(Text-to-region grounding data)
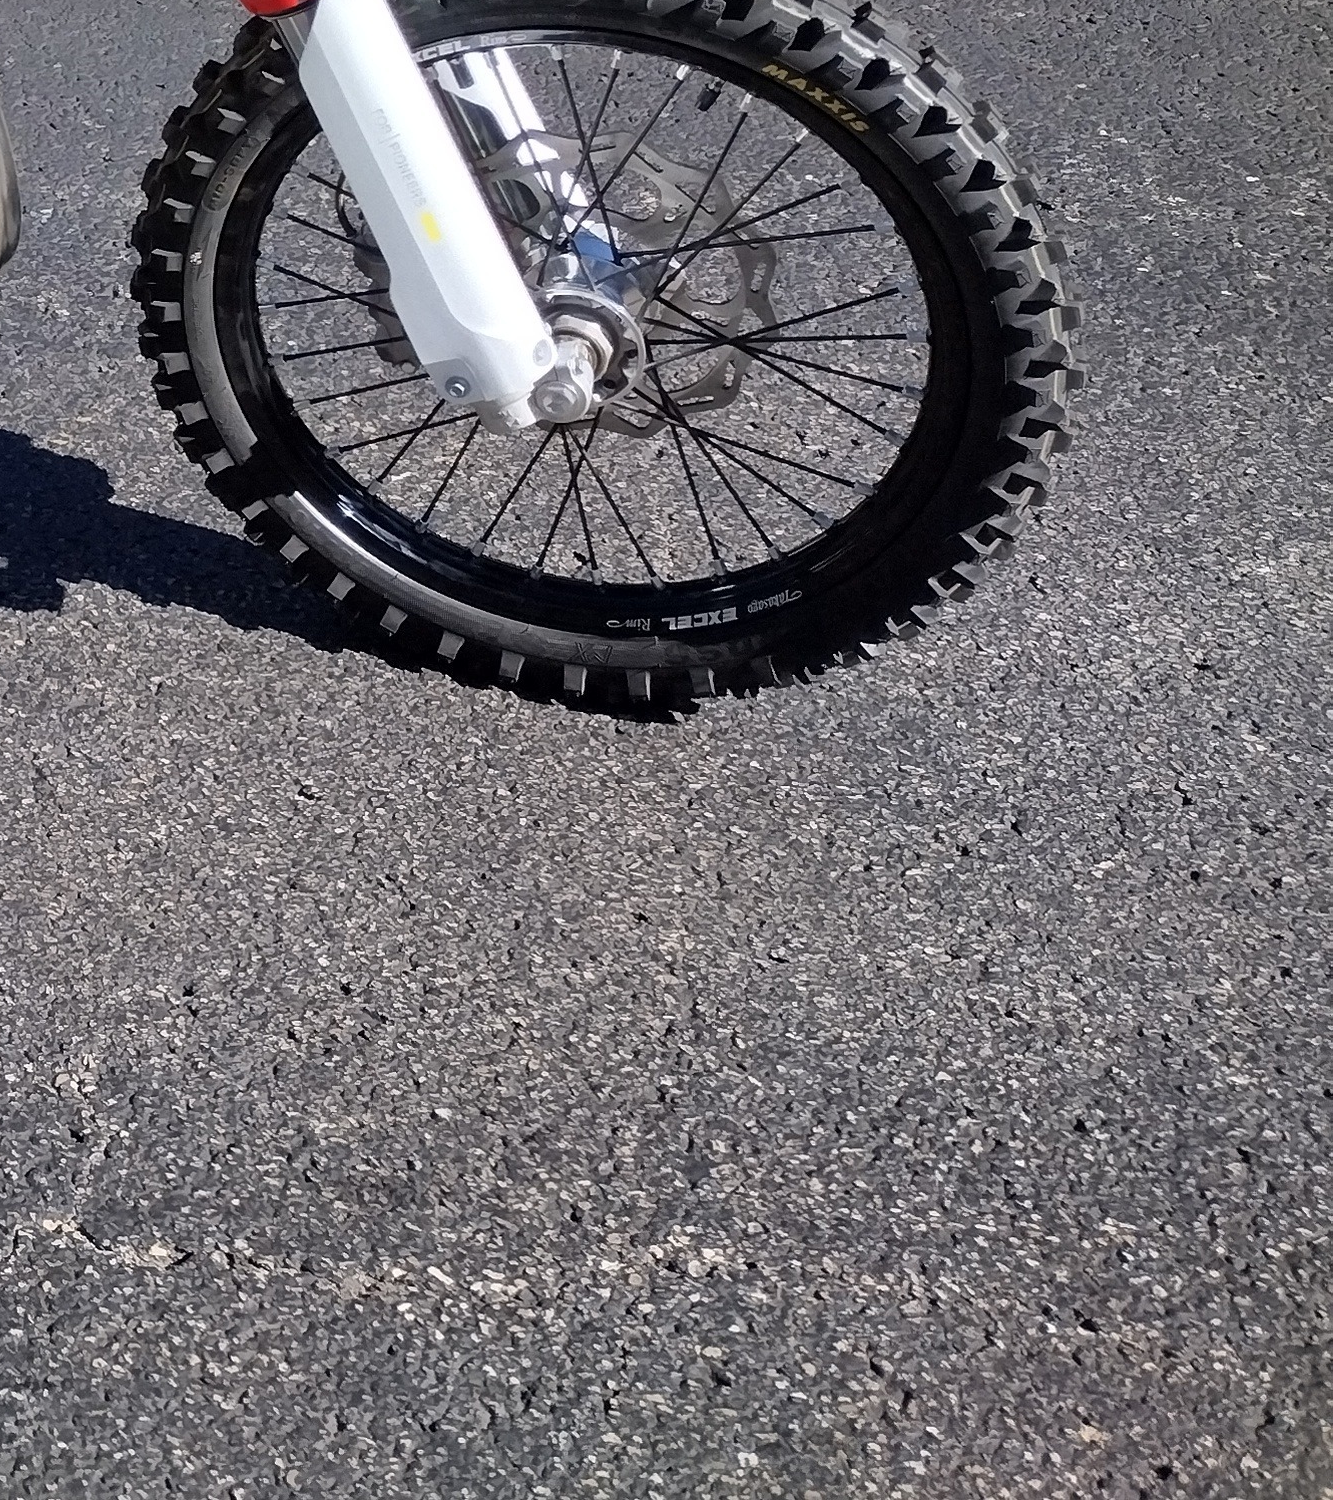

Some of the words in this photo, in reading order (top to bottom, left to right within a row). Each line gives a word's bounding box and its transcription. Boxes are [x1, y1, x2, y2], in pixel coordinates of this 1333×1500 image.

[761, 64, 870, 132] MAXXIS
[606, 618, 651, 632] Rim
[661, 606, 739, 631] EXCEL
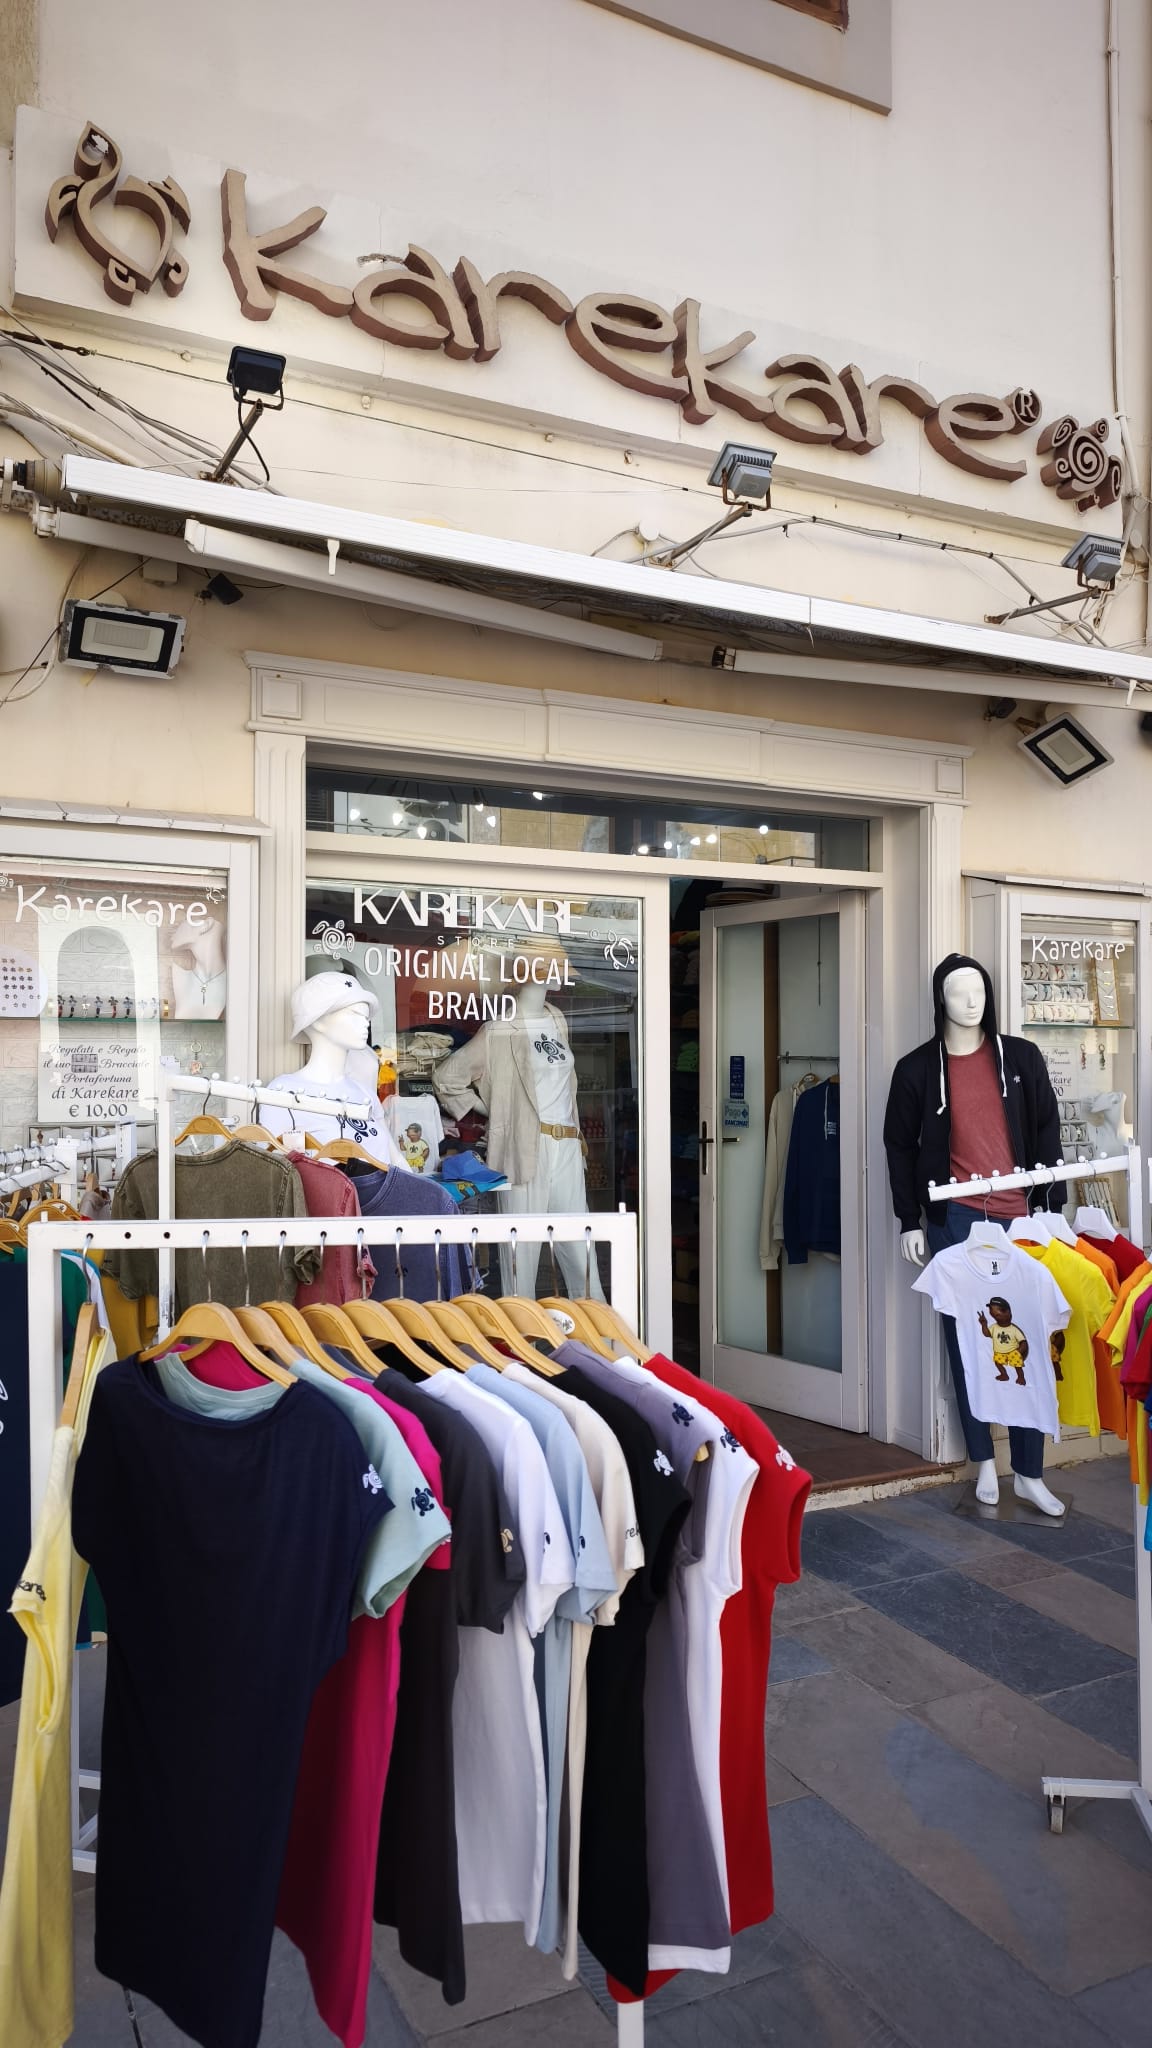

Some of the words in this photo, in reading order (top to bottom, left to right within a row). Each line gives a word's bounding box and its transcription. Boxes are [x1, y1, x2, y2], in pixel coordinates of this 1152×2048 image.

[15, 885, 208, 928] Karekare
[354, 886, 589, 936] KAREKARE
[437, 935, 514, 949] STORE
[1031, 936, 1126, 962] Karekare
[364, 947, 491, 982] ORIGINAL
[500, 954, 576, 987] LOCAL
[428, 990, 517, 1023] BRAND
[51, 1086, 66, 1099] di
[69, 1086, 139, 1099] Karekare
[69, 1104, 80, 1118] €
[86, 1103, 128, 1118] 10,00

**Task directions**
Write out the data again word for word, minus any images.

**Written solution**
Some of the words in this photo, in reading order (top to bottom, left to right within a row). Each line gives a word's bounding box and its transcription. Boxes are [x1, y1, x2, y2], in pixel coordinates of this 1333×1500 image.

[761, 64, 870, 132] MAXXIS
[606, 618, 651, 632] Rim
[661, 606, 739, 631] EXCEL

Some of the words in this photo, in reading order (top to bottom, left to right within a row). Each line gives a word's bounding box and its transcription. Boxes are [x1, y1, x2, y2], in pixel coordinates of this 1152×2048 image.

[15, 885, 208, 928] Karekare
[354, 886, 589, 936] KAREKARE
[437, 935, 514, 949] STORE
[1031, 936, 1126, 962] Karekare
[364, 947, 491, 982] ORIGINAL
[500, 954, 576, 987] LOCAL
[428, 990, 517, 1023] BRAND
[51, 1086, 66, 1099] di
[69, 1086, 139, 1099] Karekare
[69, 1104, 80, 1118] €
[86, 1103, 128, 1118] 10,00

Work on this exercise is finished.